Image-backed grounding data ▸
● ● ● ●

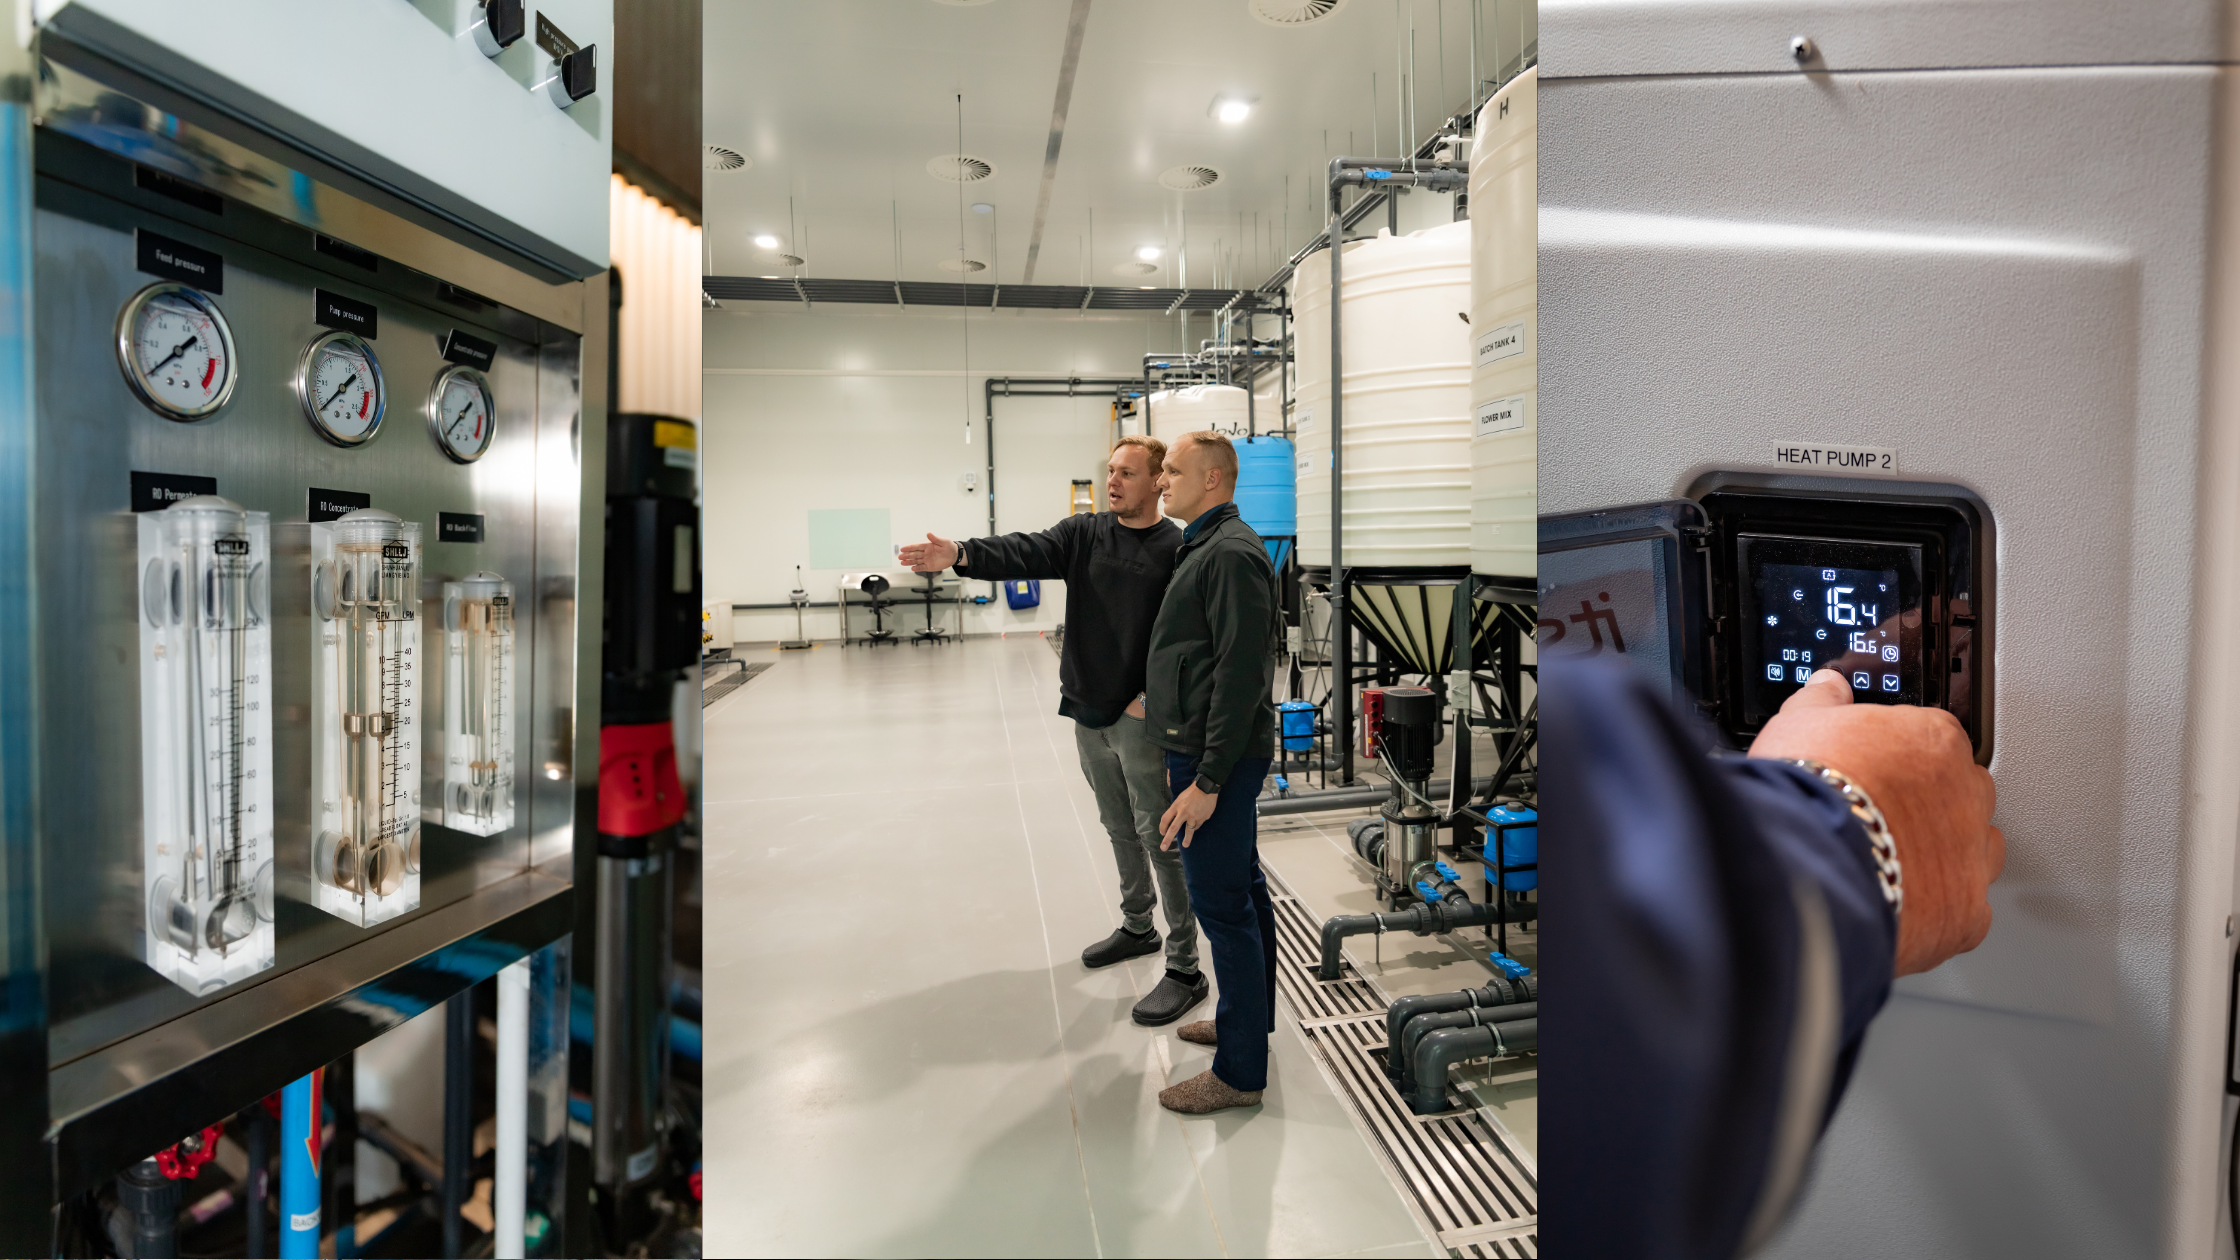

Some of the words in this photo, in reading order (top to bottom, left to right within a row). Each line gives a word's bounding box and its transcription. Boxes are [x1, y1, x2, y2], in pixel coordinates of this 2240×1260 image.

[156, 249, 173, 264] Feed
[174, 258, 205, 274] pressure
[329, 304, 341, 317] Pump
[343, 309, 364, 323] pressure
[1494, 336, 1510, 350] TANK
[1511, 335, 1516, 343] 4
[1482, 413, 1498, 424] FLOWER
[1500, 410, 1512, 420] MIX
[1777, 448, 1822, 464] HEAT
[1827, 450, 1876, 468] PUMP
[1882, 454, 1891, 469] 2
[152, 487, 162, 500] RO
[385, 547, 407, 557] SHLLJ
[1826, 586, 1877, 626] 16.4
[376, 612, 390, 620] GPM
[1849, 632, 1877, 654] 16.6
[246, 675, 259, 684] 120
[1798, 668, 1809, 681] M
[246, 702, 259, 711] 100
[404, 717, 411, 725] 20
[404, 742, 411, 750] 15
[404, 763, 411, 771] 10
[248, 803, 257, 813] 40
[248, 838, 257, 848] 20
[248, 852, 257, 862] 10
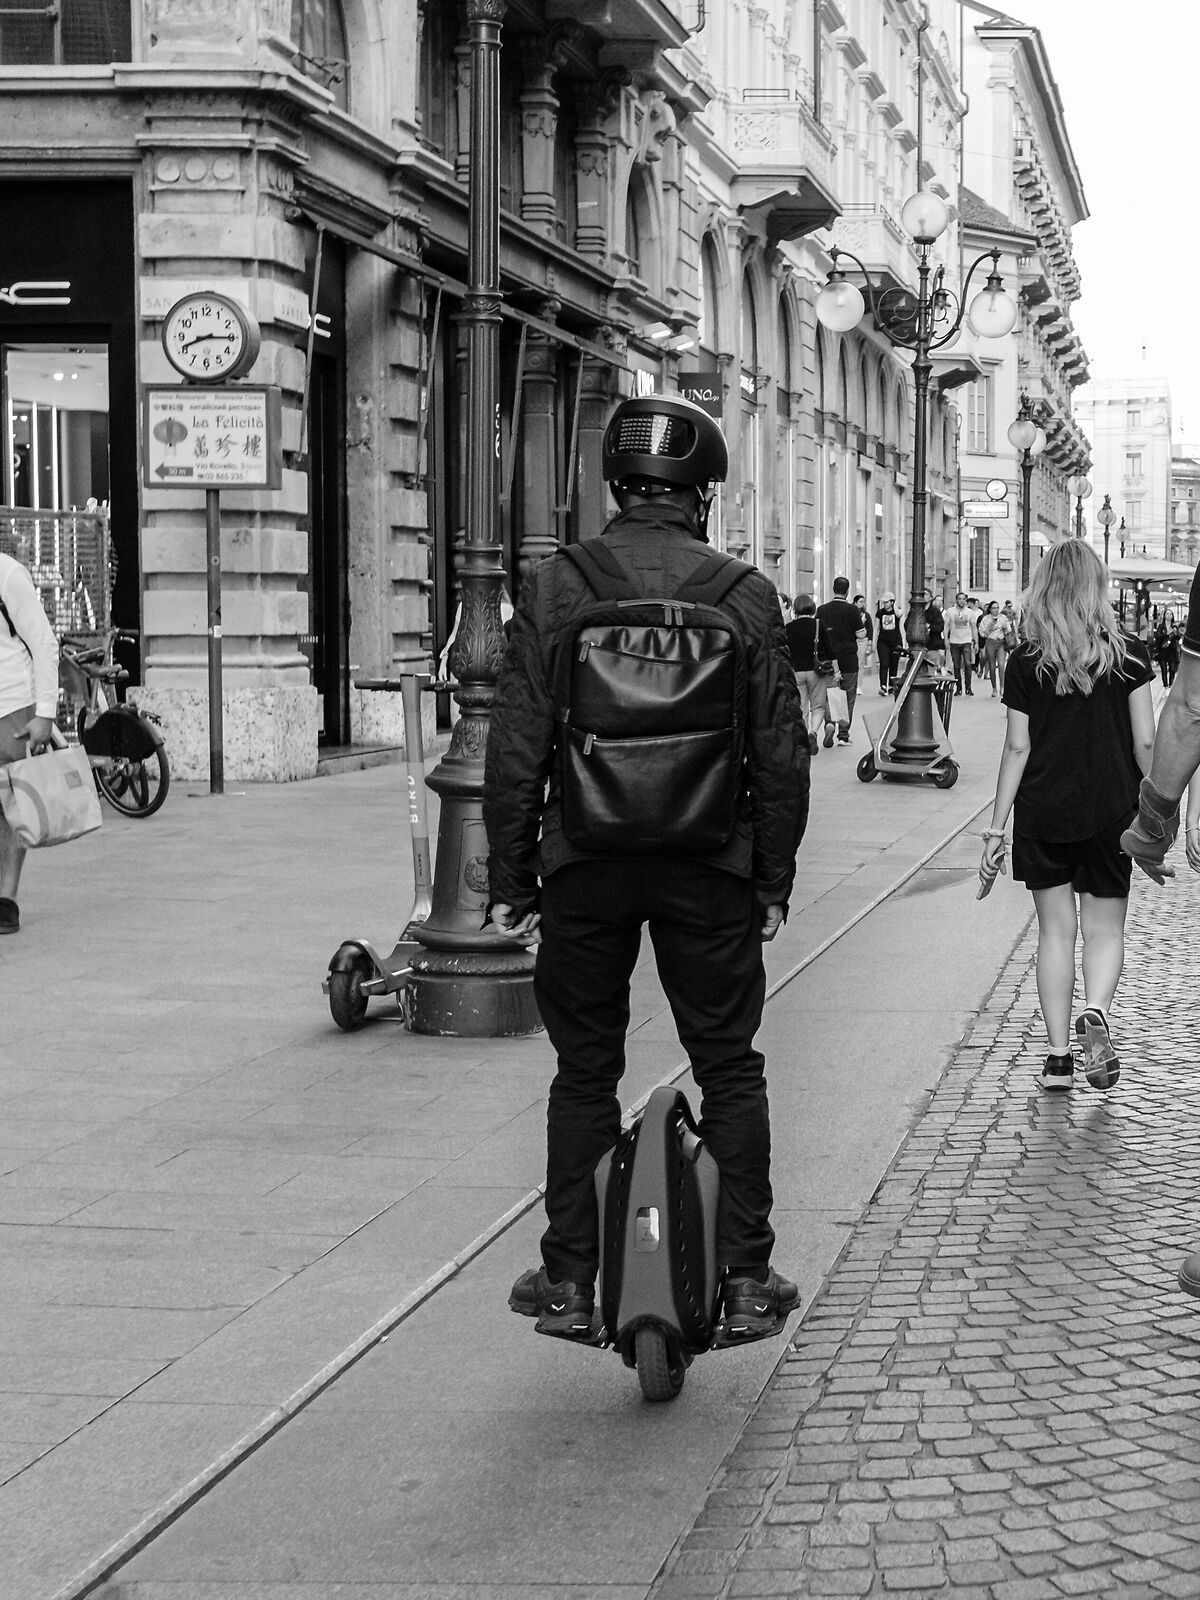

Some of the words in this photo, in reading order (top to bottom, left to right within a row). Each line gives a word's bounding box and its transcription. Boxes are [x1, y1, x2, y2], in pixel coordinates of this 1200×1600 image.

[191, 311, 198, 319] 11
[202, 307, 212, 316] 12
[216, 311, 221, 320] 1
[182, 320, 192, 328] 10
[225, 320, 231, 329] 2
[178, 333, 185, 341] 9
[224, 346, 230, 354] 4
[190, 355, 197, 366] 7
[203, 358, 210, 367] 6
[216, 355, 222, 364] 5
[192, 415, 209, 428] La
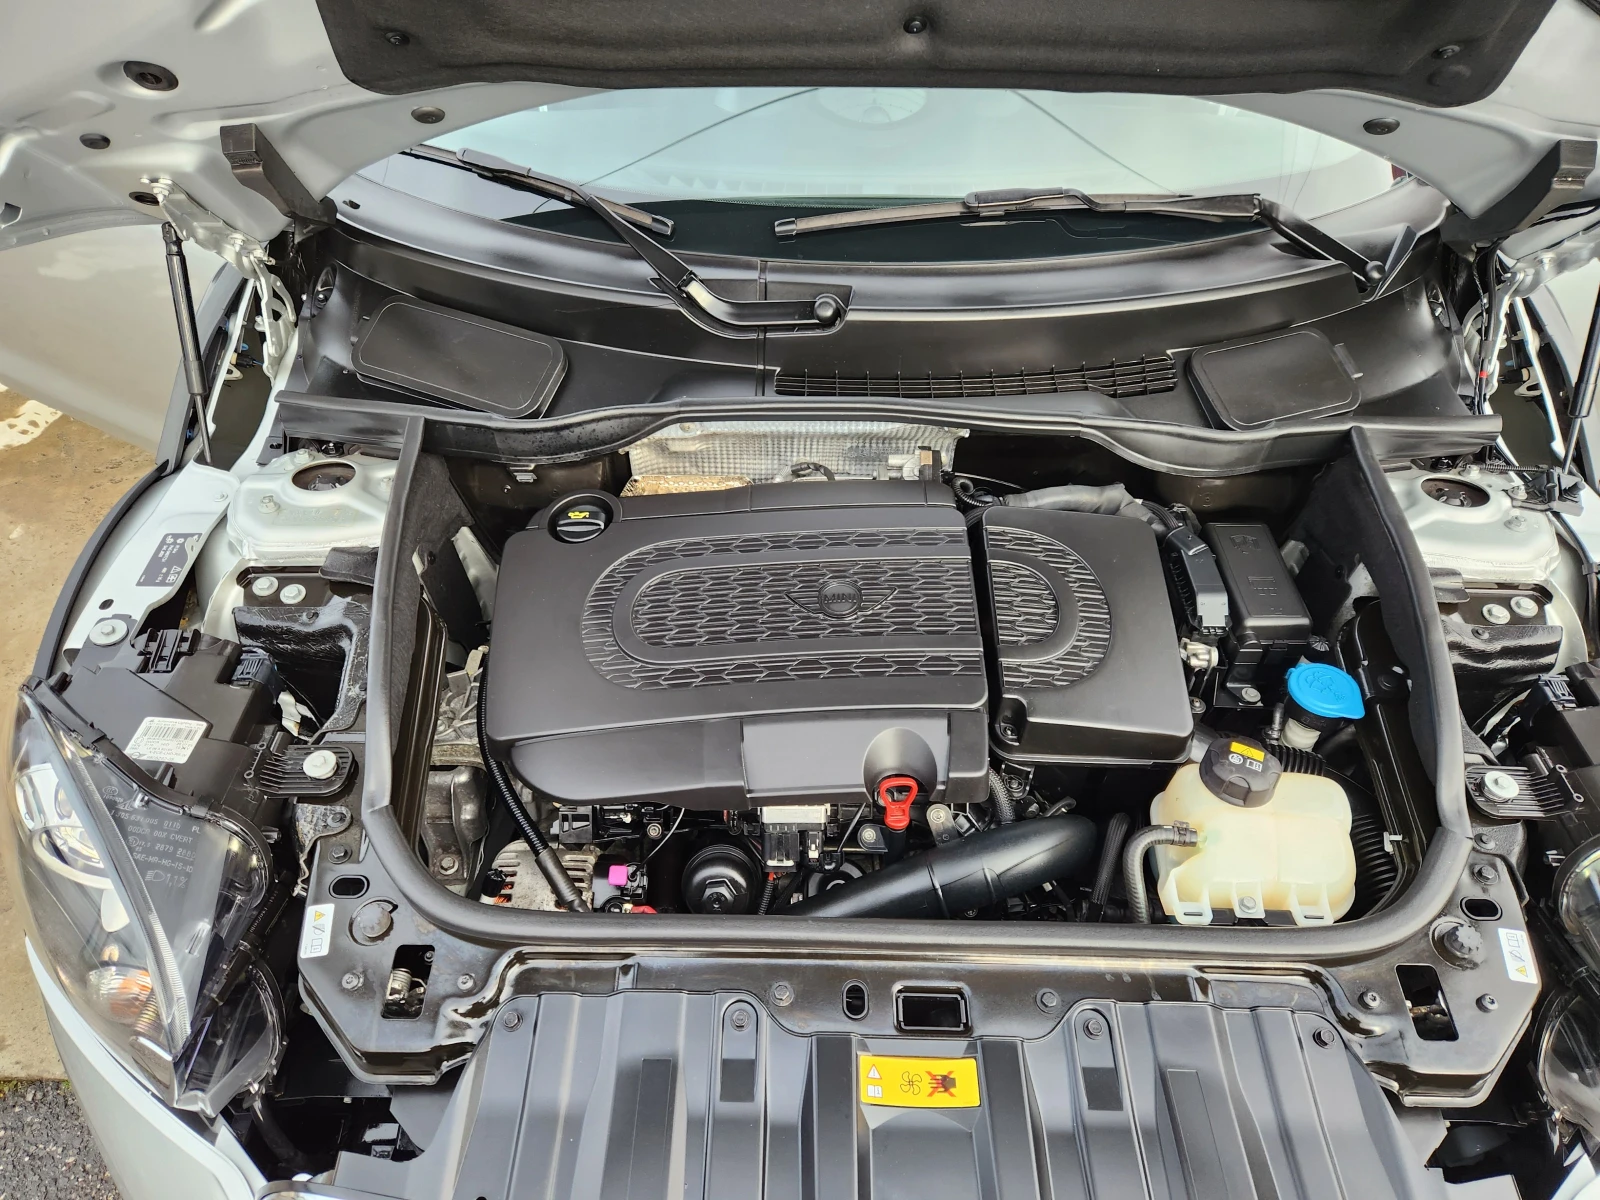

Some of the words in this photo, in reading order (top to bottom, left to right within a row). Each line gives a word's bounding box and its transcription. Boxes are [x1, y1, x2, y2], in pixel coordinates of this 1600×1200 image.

[823, 592, 857, 603] MINI
[191, 825, 201, 834] PL
[169, 833, 193, 844] CVERT
[155, 843, 174, 853] 2879
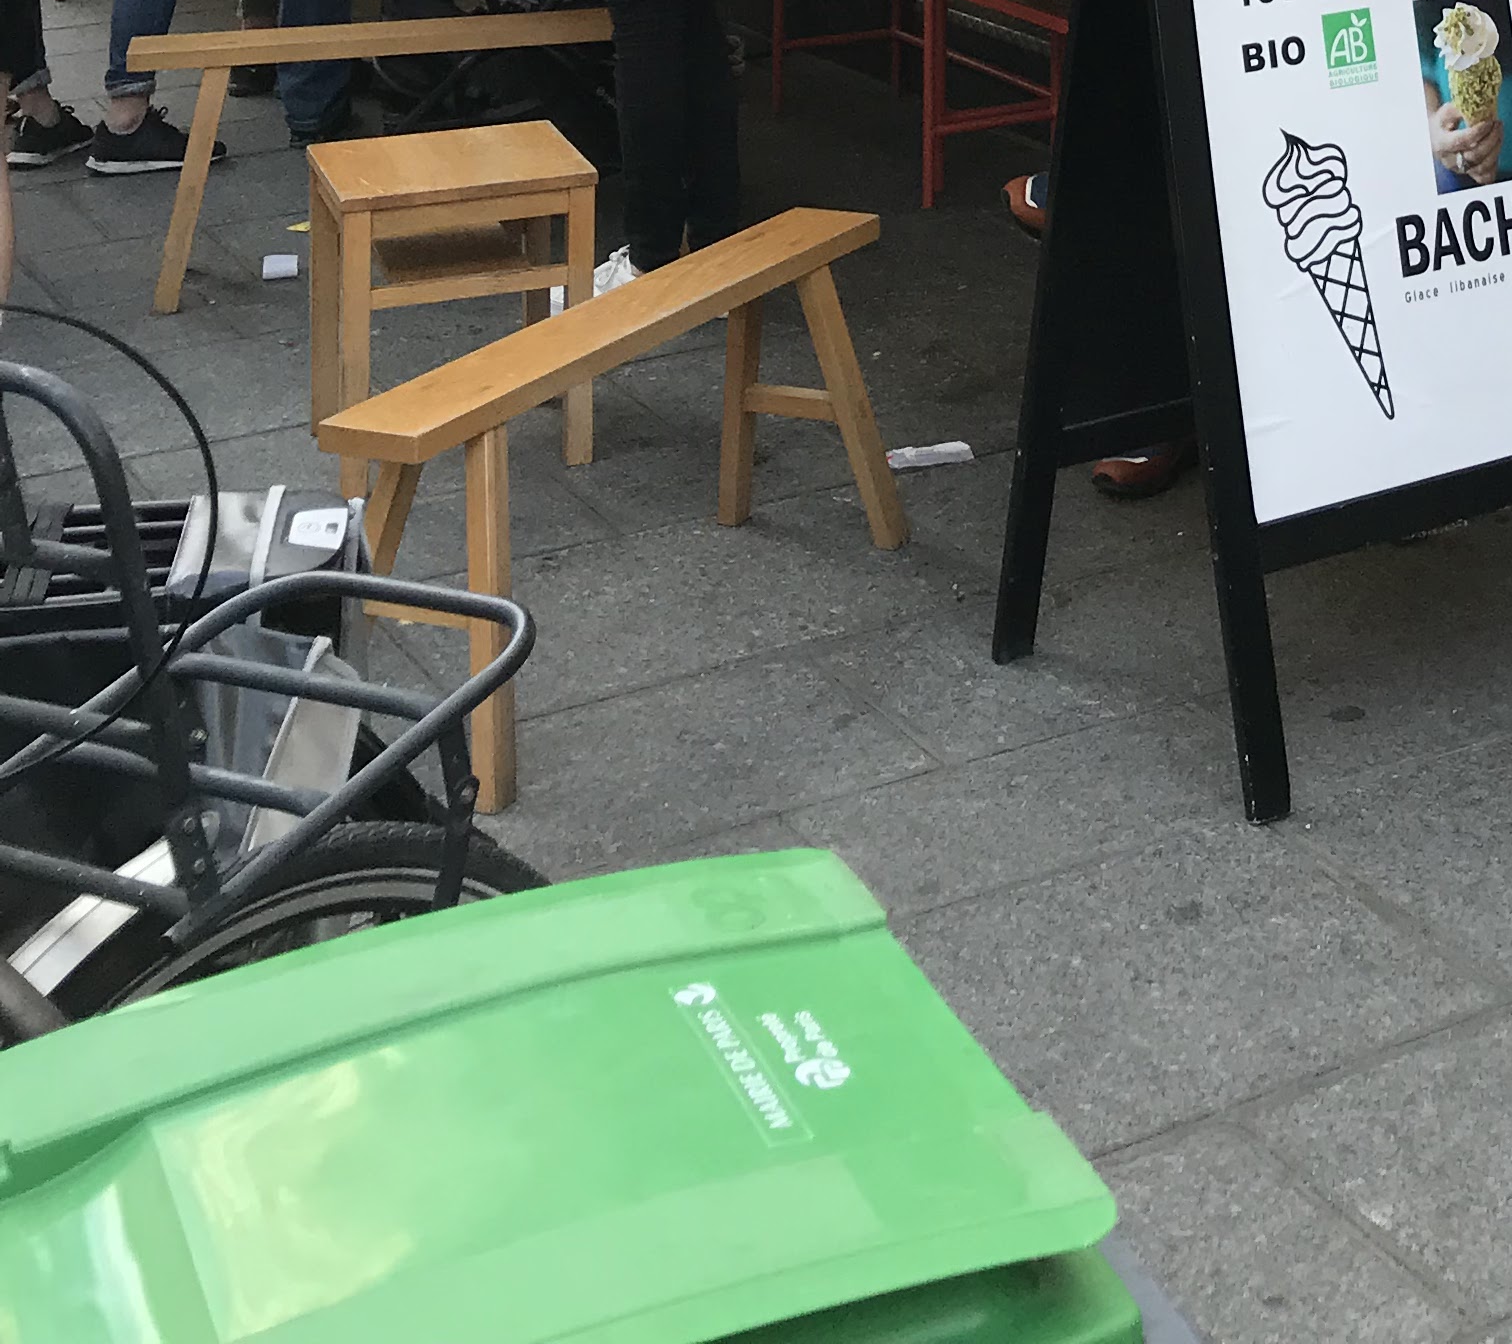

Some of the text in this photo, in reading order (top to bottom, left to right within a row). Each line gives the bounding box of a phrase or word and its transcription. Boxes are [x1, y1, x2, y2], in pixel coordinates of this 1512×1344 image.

[1242, 36, 1306, 73] BIO
[1330, 26, 1368, 66] AB
[1328, 63, 1377, 78] AGRICULTURE
[1329, 72, 1378, 87] BIOLOGIQUE
[1404, 286, 1439, 303] Glace
[1449, 271, 1505, 293] libanaise

● ● ● ●

Work item ▸ What's needed is every record restated exactly, pictures excluded.

Answer section ▸
Some of the words in this photo, in reading order (top to bottom, left to right within a row). Each line gives a word's bounding box and its transcription. Boxes are [x1, y1, x2, y2], in pixel coordinates of this 2240×1260 image.

[156, 249, 173, 264] Feed
[174, 258, 205, 274] pressure
[329, 304, 341, 317] Pump
[343, 309, 364, 323] pressure
[1494, 336, 1510, 350] TANK
[1511, 335, 1516, 343] 4
[1482, 413, 1498, 424] FLOWER
[1500, 410, 1512, 420] MIX
[1777, 448, 1822, 464] HEAT
[1827, 450, 1876, 468] PUMP
[1882, 454, 1891, 469] 2
[152, 487, 162, 500] RO
[385, 547, 407, 557] SHLLJ
[1826, 586, 1877, 626] 16.4
[376, 612, 390, 620] GPM
[1849, 632, 1877, 654] 16.6
[246, 675, 259, 684] 120
[1798, 668, 1809, 681] M
[246, 702, 259, 711] 100
[404, 717, 411, 725] 20
[404, 742, 411, 750] 15
[404, 763, 411, 771] 10
[248, 803, 257, 813] 40
[248, 838, 257, 848] 20
[248, 852, 257, 862] 10

Some of the words in this photo, in reading order (top to bottom, left to right within a row). Each line gives a word's bounding box and its transcription. Boxes are [x1, y1, x2, y2], in pixel coordinates of this 1200×1600 image.

[191, 311, 198, 319] 11
[202, 307, 212, 316] 12
[216, 311, 221, 320] 1
[182, 320, 192, 328] 10
[225, 320, 231, 329] 2
[178, 333, 185, 341] 9
[224, 346, 230, 354] 4
[190, 355, 197, 366] 7
[203, 358, 210, 367] 6
[216, 355, 222, 364] 5
[192, 415, 209, 428] La

Some of the words in this photo, in reading order (top to bottom, left to right within a row). Each line gives a word's bounding box and its transcription. Boxes are [x1, y1, x2, y2], in pixel coordinates of this 1600×1200 image.

[823, 592, 857, 603] MINI
[191, 825, 201, 834] PL
[169, 833, 193, 844] CVERT
[155, 843, 174, 853] 2879

Some of the text in this photo, in reading order (top to bottom, left to right within a row). Each line gives the bounding box of a phrase or word and its transcription. Boxes are [x1, y1, x2, y2], in pixel coordinates of this 1512×1344 image.

[1242, 36, 1306, 73] BIO
[1330, 26, 1368, 66] AB
[1328, 63, 1377, 78] AGRICULTURE
[1329, 72, 1378, 87] BIOLOGIQUE
[1404, 286, 1439, 303] Glace
[1449, 271, 1505, 293] libanaise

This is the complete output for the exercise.